Initially $f_{i} = 1$ for all $1 \le i \le N$
loop i from 2 to N
if f[i] = 1 then
loop j from 2 to N
f[j * i] = f[i] + f[j]
endif
Is the algorithm correct? If so why?
Well I checked where the algorithm could fail if i = 2, then f[2 * 15] = f[2] + f[15] But f[15] = 1, since $i \lt 15$. But eventually f[30] = f[5 * 6] = f[5] + f[6]. The result becomes correct.
Here is a proof:
1) Let $p(n)$ be the number of prime factors of $n \in \mathbb{N}, n\ge 2$. The algorithm uses the basic fact from number theory, that $p(m \cdot n) = p(m) + p(n)$.

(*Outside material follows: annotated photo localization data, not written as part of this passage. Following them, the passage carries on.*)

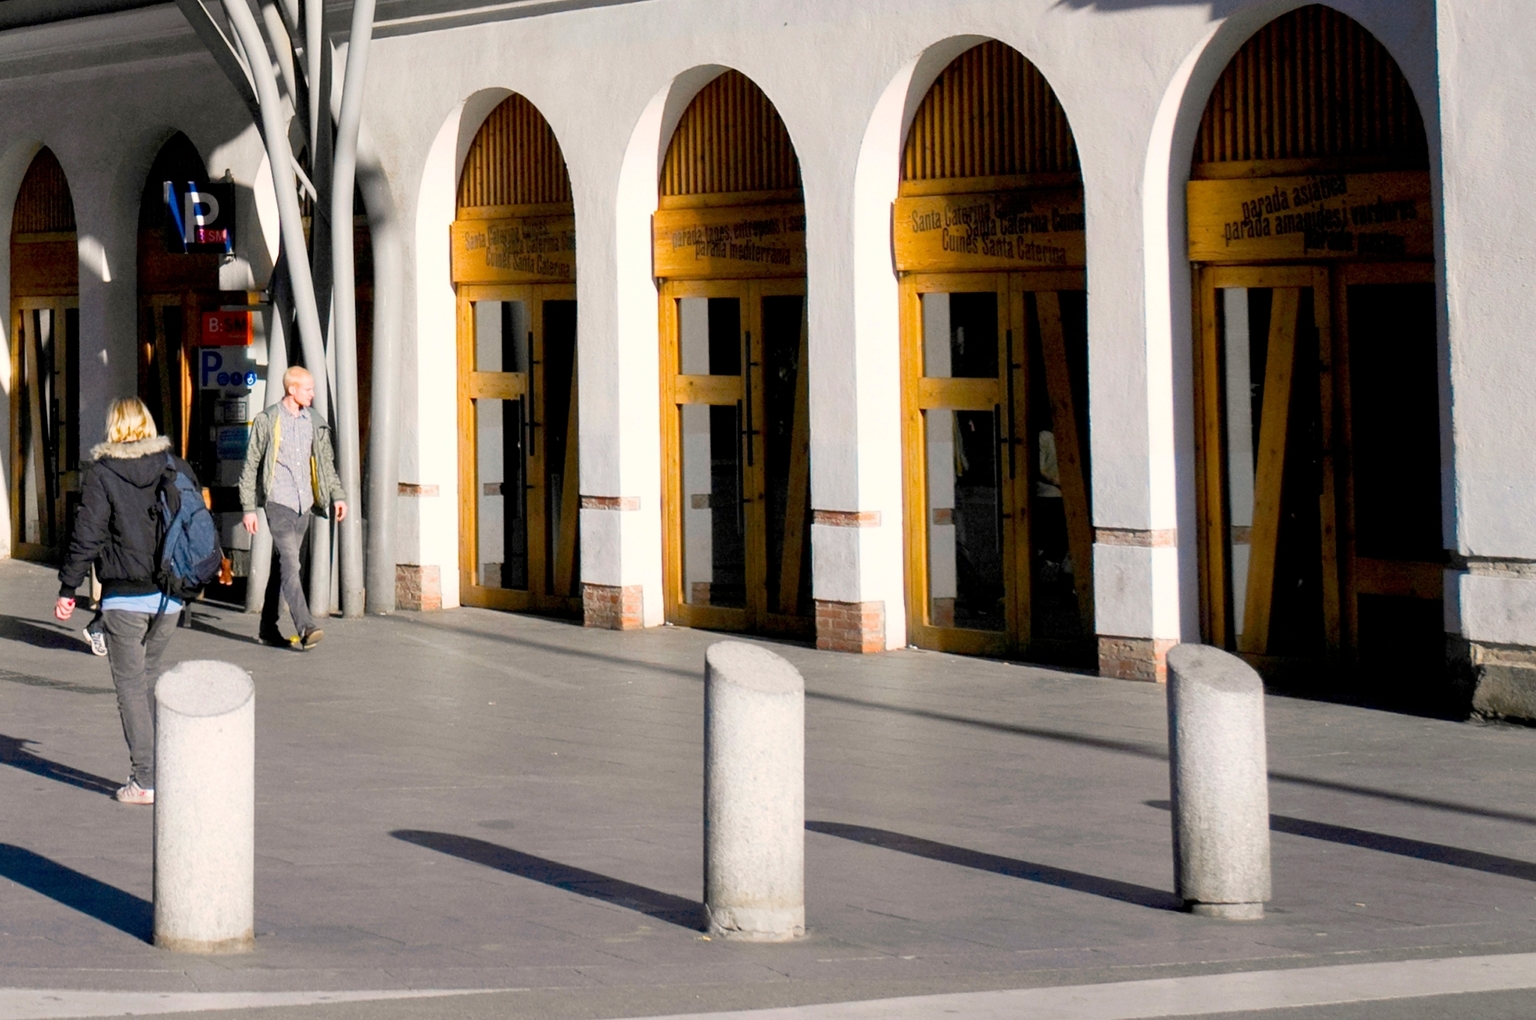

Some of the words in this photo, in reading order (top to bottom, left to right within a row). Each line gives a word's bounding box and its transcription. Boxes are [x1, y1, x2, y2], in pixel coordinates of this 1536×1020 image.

[184, 192, 220, 243] P
[912, 209, 942, 233] Santa
[944, 201, 990, 227] Caterina
[1242, 185, 1289, 220] parada
[966, 215, 996, 238] Santa
[1000, 212, 1048, 235] Caterina
[1224, 214, 1271, 247] parada
[1351, 196, 1418, 226] verdures
[465, 231, 486, 251] Santa
[672, 224, 702, 252] parada
[695, 239, 726, 261] parada
[942, 227, 978, 255] Cuines
[982, 232, 1014, 259] Santa
[1017, 235, 1067, 265] Caterina
[486, 246, 511, 269] Cuines
[513, 251, 535, 273] Santa
[537, 254, 571, 279] Caterina
[208, 317, 247, 333] B:SM
[201, 351, 223, 387] P

2) In each iteration of the outer loop, $i$ is a prime if and only if $f[i]=1$. If this is not clear to you, check out the proof of the Sieve of Eratosthenes. While in the Sieve of Eratosthenes numbers usually are flagged as being composite by setting a boolean flag, this algorithms "flags" the numbers by assigning a value greater than 1 to the according field in the array $f$.
3) As it's easy to see, the algorithm overwrites some fields in $f$ many times. So if we are interested in the correctness of the final result of the alogorithm, we have to see, which value is finally assigned to a field of $f$. For any field $k \in \{2, ..., N\}$ this happens exactly when the loop variables $i$ and $j$ are so that $i \cdot j = k$ and $i$ is the largest prime factor of $k$. This is what Daniel mentioned in his comment, and it follows from 2).

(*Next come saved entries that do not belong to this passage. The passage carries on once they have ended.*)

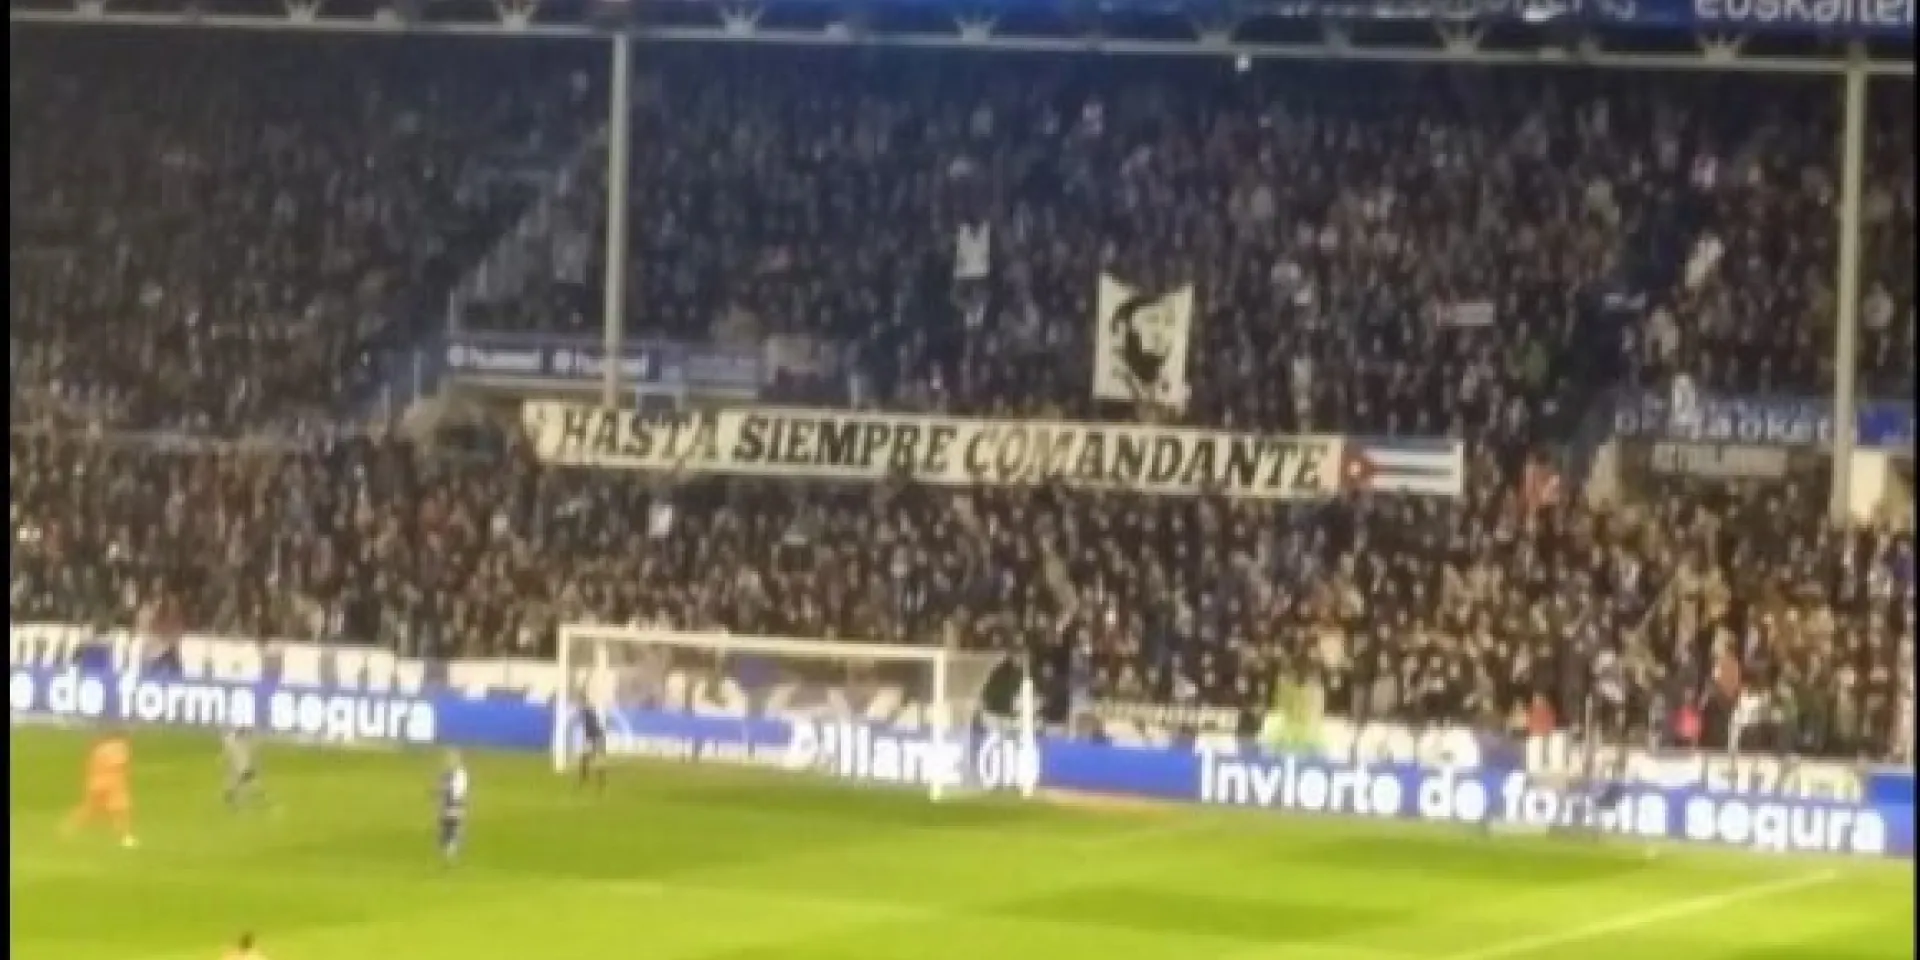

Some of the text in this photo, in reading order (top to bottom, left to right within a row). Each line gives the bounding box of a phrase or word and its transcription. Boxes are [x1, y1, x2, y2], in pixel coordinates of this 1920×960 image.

[562, 405, 1330, 495] HASTA SIEMPRE COMANDANTE
[49, 665, 106, 713] de
[119, 669, 255, 728] forma
[270, 689, 437, 744] segura
[1199, 742, 1402, 815] Invierte
[1418, 763, 1487, 821] de
[1685, 797, 1887, 853] segura

Now we prove by induction: $\forall k \in \{2, ..., N\}: f[k] = p(k)$ after the algorithm terminates.
For $k=2$ this is clear.
Let's assume that it is true for $2, ..., k-1$. Let $i,j$ be the indices of the loops when $f[k]$ becomes finally assigned, so we have $i \cdot j = k$. As stated in 3), $i$ is the largest prime factor of $k$. In the following we want to show that $f[j]$ has already been finally assigned and that $f[j] = p(j)$.
Since $j$ is a divisor of $k$, all prime factors of $j$ are less or equal $i$. Let $t \le i$ be the largest prime factor of $j$. Then we have two cases:
$t < i$: In the $i$-th iteration of the outer loop we've already passed the $t$-th iteration. So because of 3), $f[j]$ has already been assigned to it's final value.
$t = i$: Let $z \in \mathbb{N}$ so that $j = i \cdot z$. $i$ is the largest prime factor of $j$, so $j$ becoms also finally assigned in the $i$-th iteration of the outer loop, but in the $z$-th iteration of the inner loop. Because of $z < j$, we have already passed the $z$-th iteration of the inner loop, when we are in the $j$-th iteration of the inner loop. So $f[j]$ has already been assigned to it's final value.
Because of $j < k$ and the induction hypothesis, we know $f[j] = p(j)$. So using 1) we get
$f[k] = f[i]+f[j] = p(i)+p(j) = p(i \cdot j) = p(k)$.
This shows, that the algorithm assigns the correct value to $f[k]$.
q.e.d.
Don't hesitate to ask for clarification if anything is unclear.
By the way, this is a very interesting algorithm that obviously runs in $O(N\cdot Primes(N))$, where $Primes(N)$ is the number of prime numbers within $2, ..., N$. As far as I know, there are good small estimates for $Primes(N)$ in number theory. So this seems to be very efficient, though I don't know whether there is a more efficient algorithm.